Excerpts from a dataset
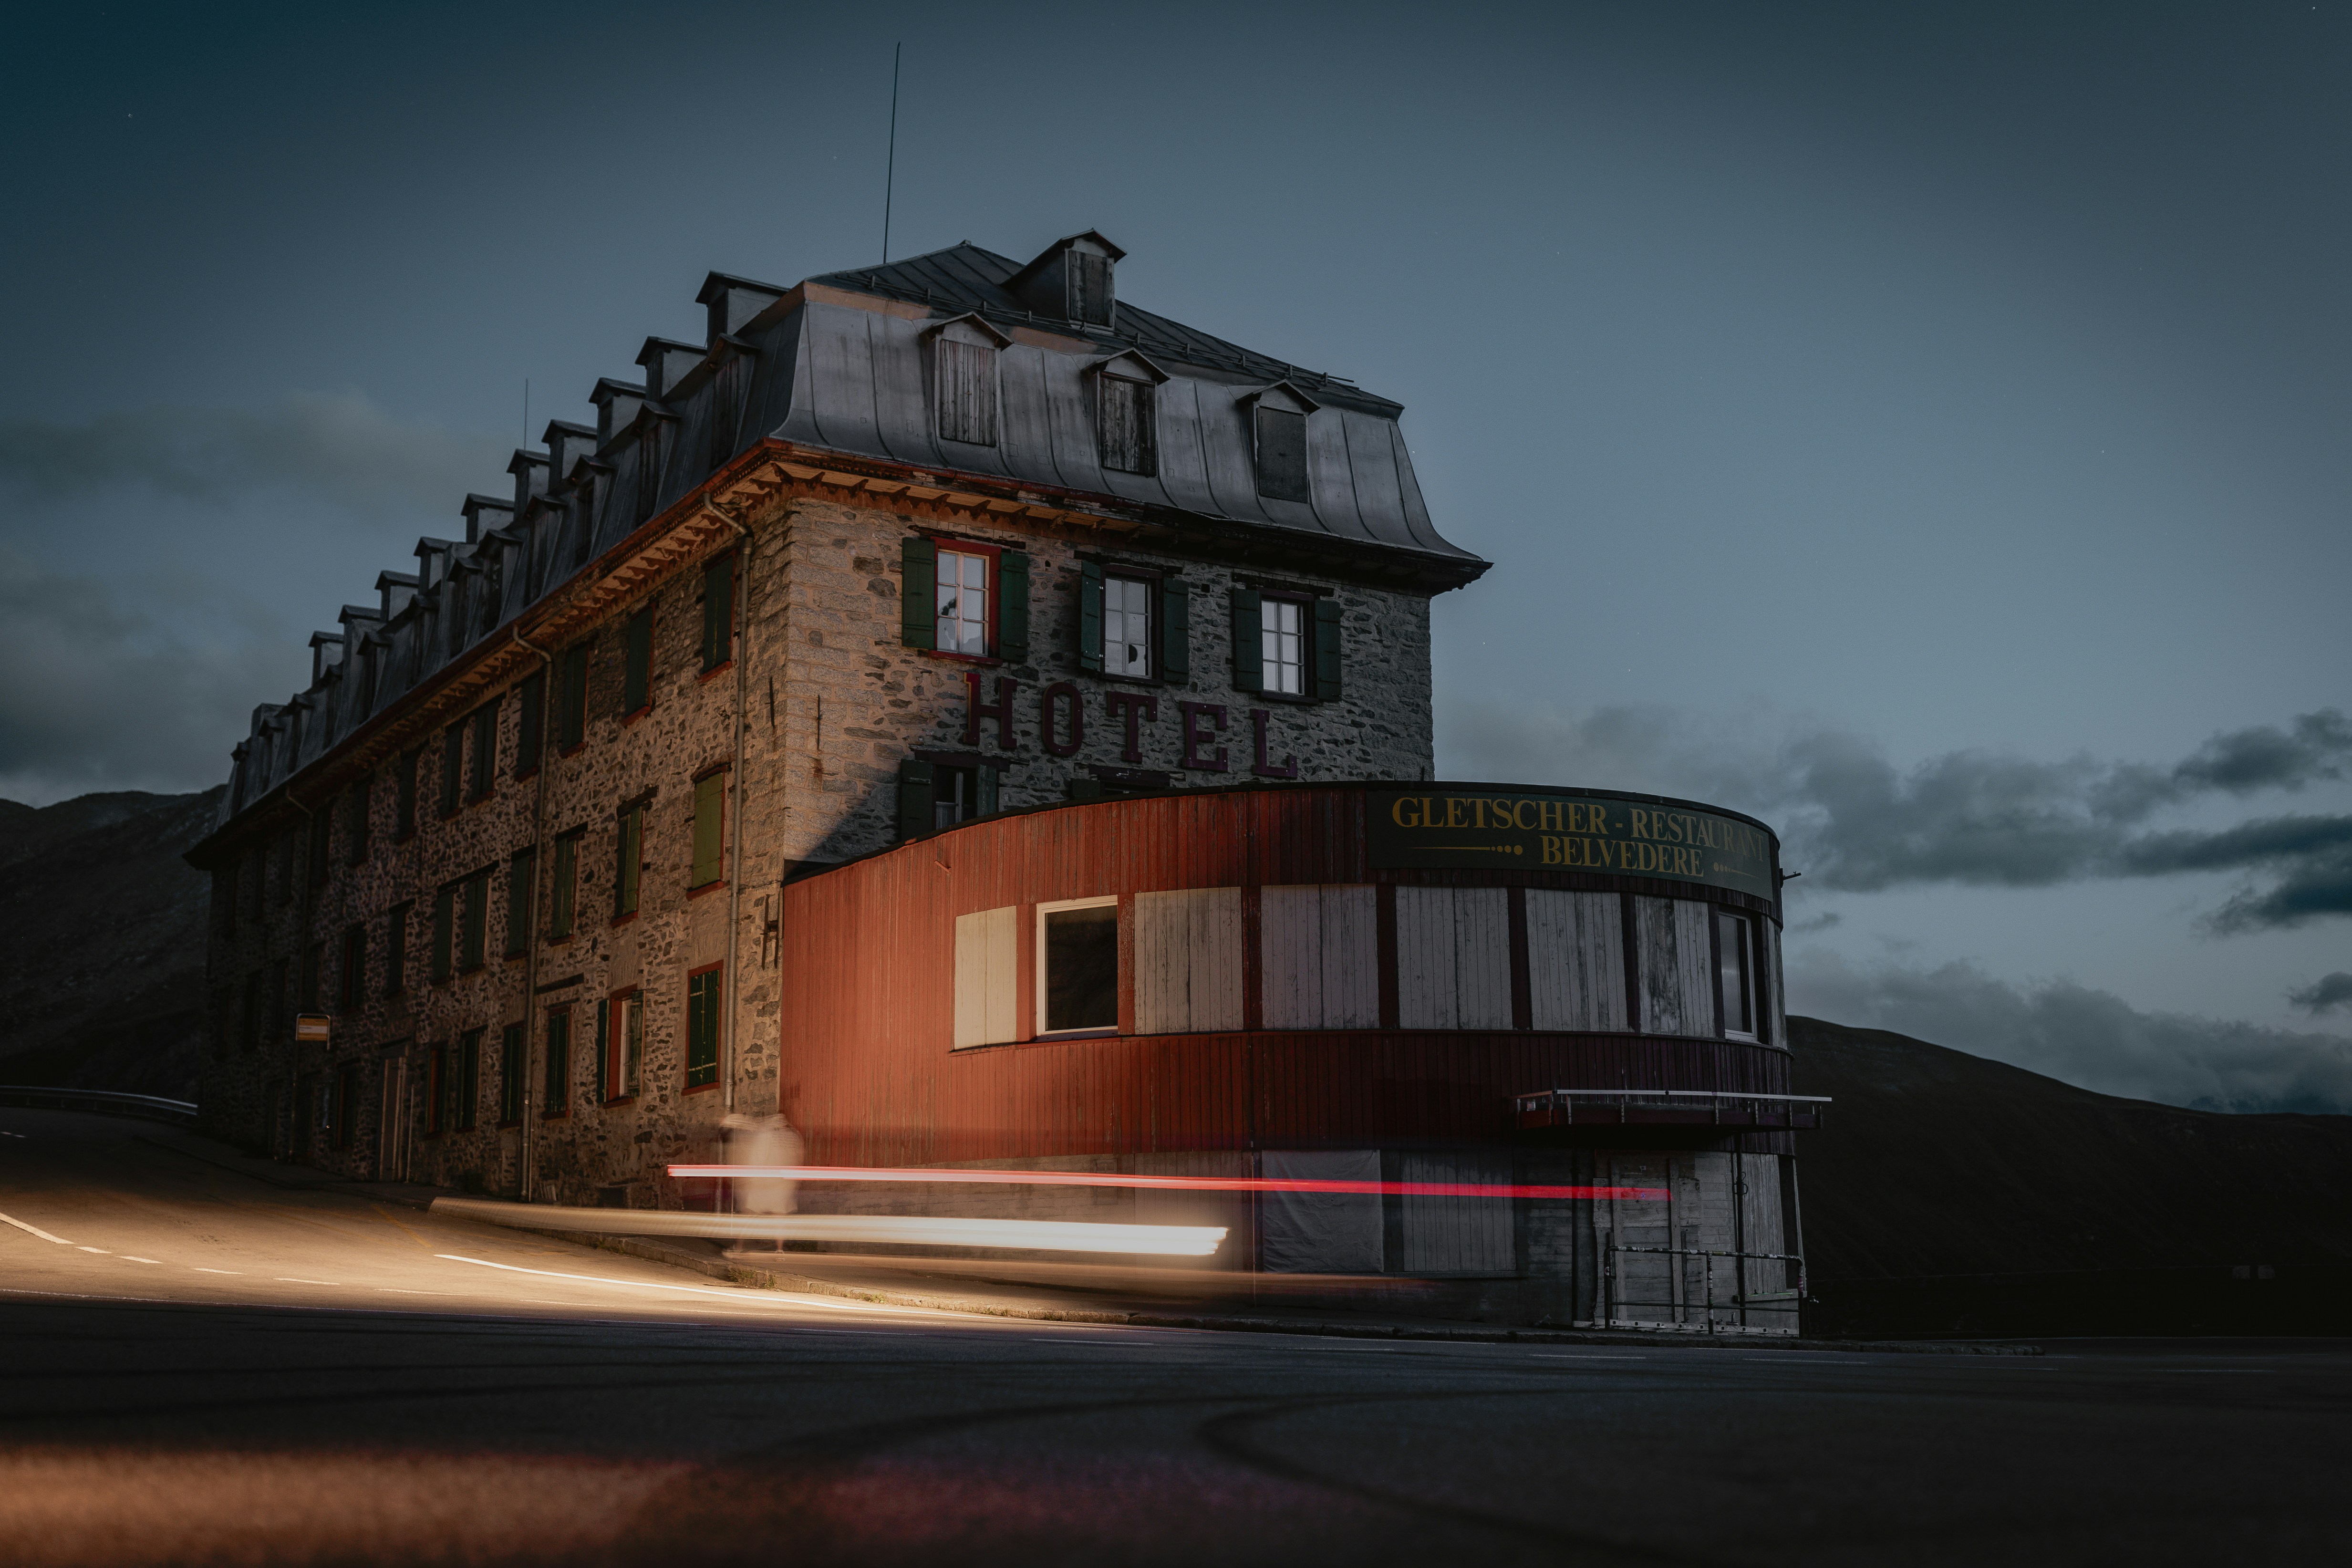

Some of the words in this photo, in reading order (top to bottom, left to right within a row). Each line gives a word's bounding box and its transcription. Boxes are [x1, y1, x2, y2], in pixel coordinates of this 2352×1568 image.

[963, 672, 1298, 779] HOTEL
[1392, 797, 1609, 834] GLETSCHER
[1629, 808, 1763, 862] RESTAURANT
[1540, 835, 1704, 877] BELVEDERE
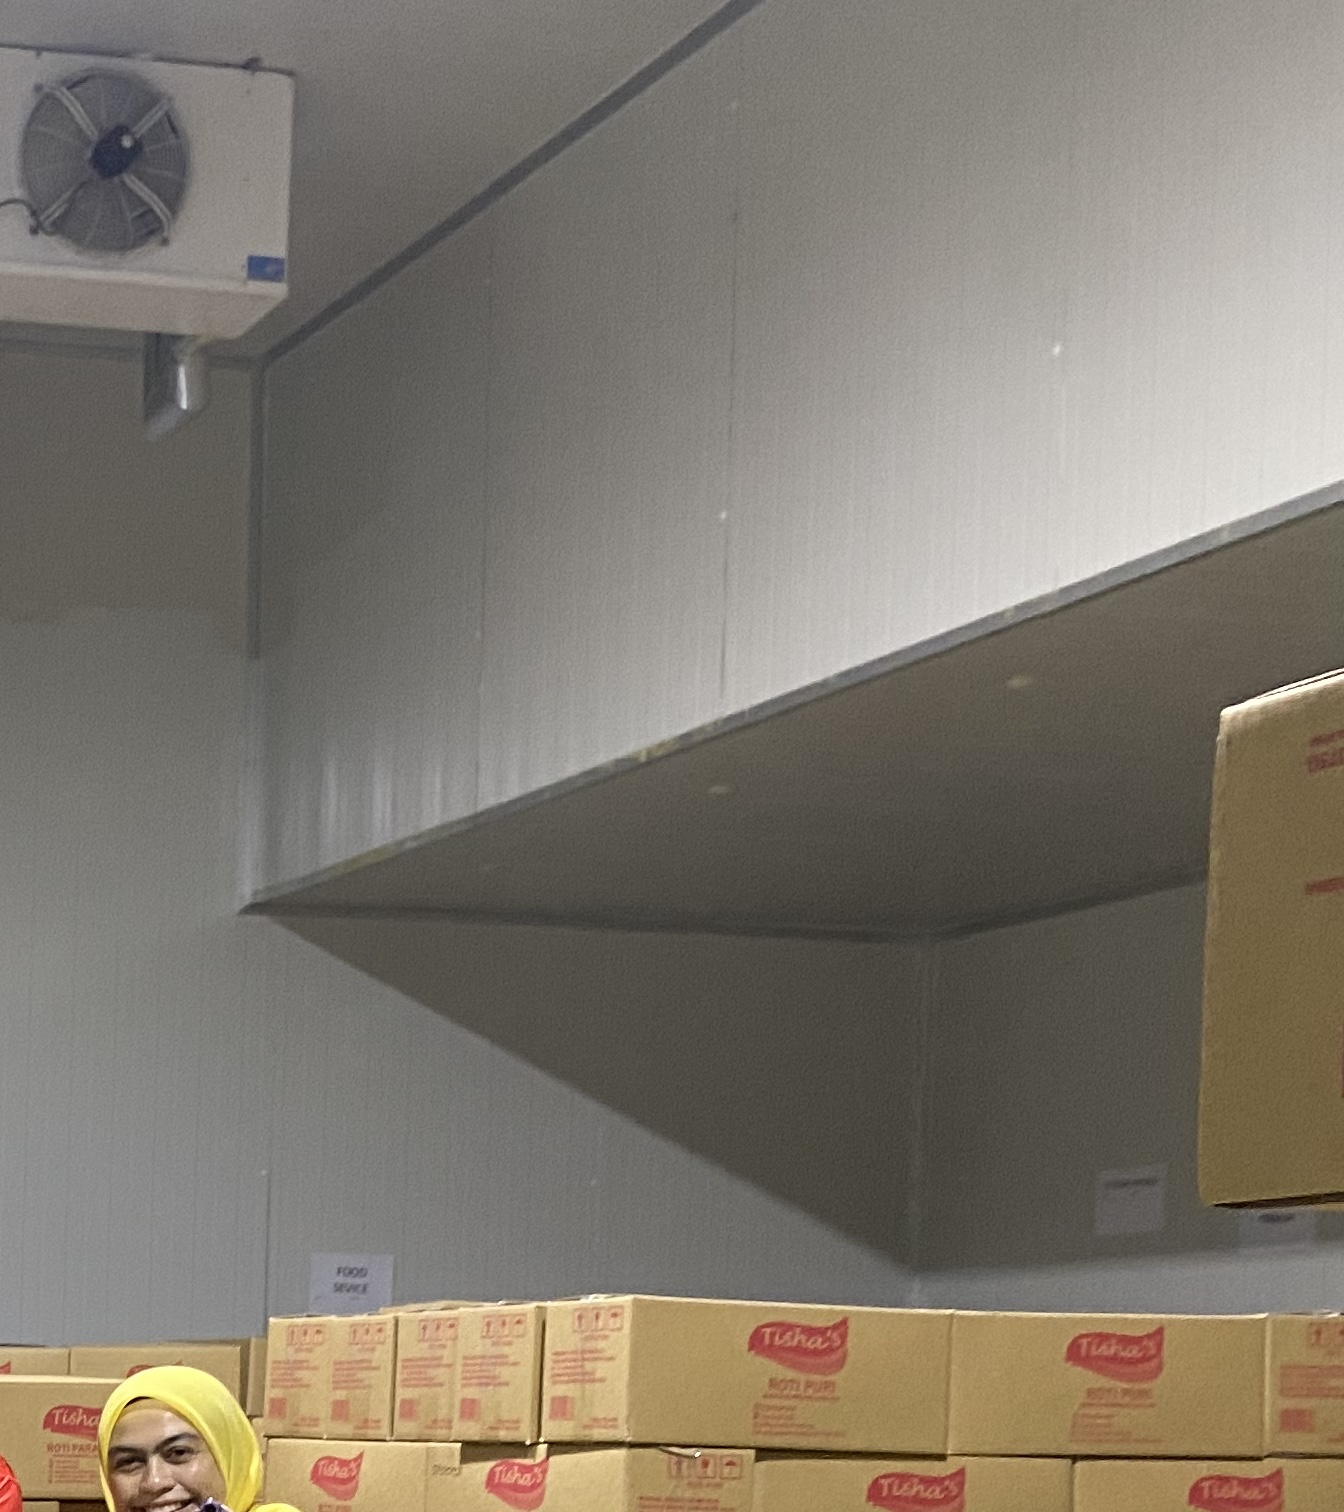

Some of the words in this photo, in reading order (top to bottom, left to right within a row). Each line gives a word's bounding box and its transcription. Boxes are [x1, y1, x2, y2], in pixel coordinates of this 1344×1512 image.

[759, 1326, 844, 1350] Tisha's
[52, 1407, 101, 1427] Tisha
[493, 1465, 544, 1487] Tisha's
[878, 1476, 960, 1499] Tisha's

-- WHAT NEEDS TO BE DONE --
Excluding all pictures, reproduce the records exactly as they appear above.

-- RESPONSE BOX --
Some of the words in this photo, in reading order (top to bottom, left to right within a row). Each line gives a word's bounding box and its transcription. Boxes are [x1, y1, x2, y2], in pixel coordinates of this 2352×1568 image.

[963, 672, 1298, 779] HOTEL
[1392, 797, 1609, 834] GLETSCHER
[1629, 808, 1763, 862] RESTAURANT
[1540, 835, 1704, 877] BELVEDERE

Some of the words in this photo, in reading order (top to bottom, left to right within a row). Each line gives a word's bounding box and its transcription. Boxes are [x1, y1, x2, y2], in pixel coordinates of this 1344×1512 image.

[759, 1326, 844, 1350] Tisha's
[52, 1407, 101, 1427] Tisha
[493, 1465, 544, 1487] Tisha's
[878, 1476, 960, 1499] Tisha's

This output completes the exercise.